居酒屋で「魚の食べ方が汚い!」とオッサンにキレられた
(38歳・男・IT)


 一人呑みの目的は人それぞれ。一人静かにグラスを傾けたい人ばかりでなく、酒場での一期一会の出会いを求める人も。そんな輩が、”からみ酒”に呑まれると、格好の餌食は、同じく、一人で呑む客。

「居酒屋で焼き魚を食べようとしたら、オッサンに最近の若いもんは魚の食べ方が汚い!とキレられた」(38歳・男・IT)り、「『つぼ八』でカップルの男に『お前、なんで一人なんだよ』とからまれた。私はつぼ八の揚げ出し豆腐で一杯やりたかっただけなのだが、それを説明をするのもどうかと思い黙っていると、『一人で呑みに来るなんて寂しいじゃないか。帰れ!』とすごんでくる。仕方ないので、『一人もいいものですよ』と答えると、男が泣き出した」(47歳・男・製造)り。

 このカップルに何があったかは知らないが、そもそも、酔っ払いの地雷はわからない。それでも、それで話が終われば、まだ、ラッキー。寂しい一人呑みオヤジは、「立ち呑み居酒屋でオッサンに『兄ちゃん関西人か。面白いことやれと言われ、できませんと答えると、いきなり指で銃を作りバンッ!と撃ってきた。仕方がないので『ウッ』と死んだフリをすると、オッサン、大喜び。その後、店を出るまで何度、打たれたことか」(25歳・男・保険)、「巨人ファンのオッサンが話しかけてきて、さんざん高橋由伸の話を聞かされたあげく、神宮球場まで連れて行かれた」(36歳・男・教育)など、相手をしたらしたで、調子に乗るから厄介だ。

◆女王様スタイルに着替えた客から軟禁!?

「居酒屋は狂気がボトルで売られているところだ」との言葉があるが、それを目の当たりにした人も。

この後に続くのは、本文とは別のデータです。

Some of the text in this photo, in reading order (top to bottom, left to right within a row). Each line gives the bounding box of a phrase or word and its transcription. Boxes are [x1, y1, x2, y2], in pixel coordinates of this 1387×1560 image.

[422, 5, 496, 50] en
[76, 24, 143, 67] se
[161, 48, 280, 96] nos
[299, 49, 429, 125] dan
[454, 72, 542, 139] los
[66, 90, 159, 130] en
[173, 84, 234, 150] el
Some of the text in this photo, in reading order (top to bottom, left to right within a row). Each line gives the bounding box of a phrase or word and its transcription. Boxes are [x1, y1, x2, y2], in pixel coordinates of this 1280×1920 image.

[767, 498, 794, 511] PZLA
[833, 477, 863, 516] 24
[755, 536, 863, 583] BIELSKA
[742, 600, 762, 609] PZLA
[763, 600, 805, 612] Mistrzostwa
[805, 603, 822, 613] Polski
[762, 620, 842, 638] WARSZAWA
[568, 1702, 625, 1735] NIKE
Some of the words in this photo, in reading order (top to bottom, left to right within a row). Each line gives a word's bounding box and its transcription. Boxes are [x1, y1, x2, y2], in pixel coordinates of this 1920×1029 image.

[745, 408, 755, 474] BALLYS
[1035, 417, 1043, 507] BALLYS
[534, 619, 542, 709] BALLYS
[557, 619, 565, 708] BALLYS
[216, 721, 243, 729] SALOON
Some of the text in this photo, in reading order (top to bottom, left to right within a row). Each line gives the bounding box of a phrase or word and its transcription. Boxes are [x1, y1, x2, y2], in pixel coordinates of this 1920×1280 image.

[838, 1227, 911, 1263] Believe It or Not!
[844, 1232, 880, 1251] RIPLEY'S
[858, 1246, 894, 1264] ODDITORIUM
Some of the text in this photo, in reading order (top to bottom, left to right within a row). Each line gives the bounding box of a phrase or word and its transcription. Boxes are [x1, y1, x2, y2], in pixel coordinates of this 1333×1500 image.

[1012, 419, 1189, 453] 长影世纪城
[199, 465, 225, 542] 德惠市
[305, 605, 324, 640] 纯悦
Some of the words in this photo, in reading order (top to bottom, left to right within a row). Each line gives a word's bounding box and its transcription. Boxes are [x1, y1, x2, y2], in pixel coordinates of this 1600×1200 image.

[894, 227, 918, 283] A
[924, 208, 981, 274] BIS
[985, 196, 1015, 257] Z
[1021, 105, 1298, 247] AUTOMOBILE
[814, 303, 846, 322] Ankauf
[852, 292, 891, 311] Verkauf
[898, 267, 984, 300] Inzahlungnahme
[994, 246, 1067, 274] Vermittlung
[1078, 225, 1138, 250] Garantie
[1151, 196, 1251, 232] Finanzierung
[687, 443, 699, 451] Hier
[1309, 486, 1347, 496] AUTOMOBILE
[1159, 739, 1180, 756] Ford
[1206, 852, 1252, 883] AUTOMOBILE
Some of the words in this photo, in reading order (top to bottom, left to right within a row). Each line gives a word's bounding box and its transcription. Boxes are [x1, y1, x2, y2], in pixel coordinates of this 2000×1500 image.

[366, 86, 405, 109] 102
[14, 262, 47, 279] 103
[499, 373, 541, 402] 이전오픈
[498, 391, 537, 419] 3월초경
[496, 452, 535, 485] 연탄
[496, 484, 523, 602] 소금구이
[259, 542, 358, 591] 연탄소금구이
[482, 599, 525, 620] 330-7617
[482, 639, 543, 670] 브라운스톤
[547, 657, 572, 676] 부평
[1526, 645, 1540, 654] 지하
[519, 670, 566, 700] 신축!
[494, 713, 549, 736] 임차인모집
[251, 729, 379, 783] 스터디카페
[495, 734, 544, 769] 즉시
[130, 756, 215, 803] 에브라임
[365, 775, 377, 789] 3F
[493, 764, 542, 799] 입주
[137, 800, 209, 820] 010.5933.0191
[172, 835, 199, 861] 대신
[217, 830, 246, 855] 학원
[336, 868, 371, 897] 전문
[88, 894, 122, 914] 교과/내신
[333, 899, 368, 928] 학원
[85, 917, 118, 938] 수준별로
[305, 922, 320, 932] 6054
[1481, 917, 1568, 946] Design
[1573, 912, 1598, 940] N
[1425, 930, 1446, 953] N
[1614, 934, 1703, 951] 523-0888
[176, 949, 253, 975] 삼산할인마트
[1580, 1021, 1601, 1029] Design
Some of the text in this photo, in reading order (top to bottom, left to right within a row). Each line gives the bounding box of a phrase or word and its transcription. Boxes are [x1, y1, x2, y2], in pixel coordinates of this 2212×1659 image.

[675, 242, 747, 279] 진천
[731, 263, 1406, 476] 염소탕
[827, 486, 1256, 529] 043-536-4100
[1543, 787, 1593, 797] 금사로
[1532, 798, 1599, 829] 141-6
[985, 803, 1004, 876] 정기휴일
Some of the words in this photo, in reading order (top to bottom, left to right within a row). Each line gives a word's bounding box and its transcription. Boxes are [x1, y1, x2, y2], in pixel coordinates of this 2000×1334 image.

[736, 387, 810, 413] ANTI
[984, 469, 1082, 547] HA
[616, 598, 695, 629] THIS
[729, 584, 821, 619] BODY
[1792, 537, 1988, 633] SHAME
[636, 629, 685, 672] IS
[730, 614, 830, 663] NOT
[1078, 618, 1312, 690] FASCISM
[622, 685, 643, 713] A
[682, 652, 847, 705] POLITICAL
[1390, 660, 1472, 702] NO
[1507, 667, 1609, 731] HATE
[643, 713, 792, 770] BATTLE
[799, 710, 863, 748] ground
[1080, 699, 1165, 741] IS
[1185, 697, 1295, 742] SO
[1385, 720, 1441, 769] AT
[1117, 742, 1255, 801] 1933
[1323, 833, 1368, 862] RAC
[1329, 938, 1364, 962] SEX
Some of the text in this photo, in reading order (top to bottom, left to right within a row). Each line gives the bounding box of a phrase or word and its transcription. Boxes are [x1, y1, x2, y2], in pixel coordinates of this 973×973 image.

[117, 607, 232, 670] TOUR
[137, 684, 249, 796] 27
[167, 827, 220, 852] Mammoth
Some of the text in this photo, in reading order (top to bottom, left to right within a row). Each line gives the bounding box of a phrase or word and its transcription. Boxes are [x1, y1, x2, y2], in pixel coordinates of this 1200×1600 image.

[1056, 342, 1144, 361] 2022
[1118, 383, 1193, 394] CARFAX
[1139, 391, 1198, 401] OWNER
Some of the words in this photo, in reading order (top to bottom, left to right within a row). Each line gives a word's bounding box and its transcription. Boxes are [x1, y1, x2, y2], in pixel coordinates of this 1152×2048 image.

「パブのカウンターで呑んでいると、女が突如ハクション大魔王を大声で歌いだした。店内は一人客ばかりだが、皆、常連で、手拍子が起こると女性は高揚し、「よーし」と紙袋を持ってトイレに。10分後、ボンデージの女王様スタイルに変身した女性がムチを振り回して登場。店内は大爆笑。が、それから2時間。女の酔いが覚めるまで、全員、店を出ることを許されず、彼女の説教を聞くハメに」(42歳・男・流通)

 軟禁も恐ろしかろうが、「居酒屋でやたらからんでくるオッサン。それでも、よく呑むなあと感心していると、ジョッキに店員が注いでいたのはただのウーロン茶」(45歳・男・出版)という、”エア酔い”も、別の意味で怖いよなあ。

 恐怖を共有する人もいなければ、「バーで白人のマッチョがお前は細い何か食べなくちゃダメだとしつこいので、しぶしぶつまみを注文すると、そいつが食いだし、皿が空になるとまた注文させられた」(25歳・男・貿易)と、タカられるときも、また一人。

「無職の時、いつもの店で一人で呑んでいると上品な夫婦に声をかけられた。『仕事を紹介する』と旦那さんから電話番号を聞かれ、断ったのだが、あまりのしつこさに教えたら……トイレから戻ると、奥さんが旦那の携帯を折っていた」(28歳・女・飲食)と、夫婦喧嘩に巻き込まれることもあって。

「友人とさんざん呑んで酔っぱらい、気づけば一人、見知らぬバーに。客は私一人で、マスターがイイもん見せてやるとカウンターに取り出したのはダッチワイフ! そして、その肛門に”うまい棒”をズブリ! 私にもやれというから1本だけ突っ込み、逃げ帰った」(31歳・女・看護士)なんて話もあって。一人で静かに呑む――それだけのことがなんと難しいことか。ま、何が起こるかわからないのが、一人呑みの妙なのだ。たぶん。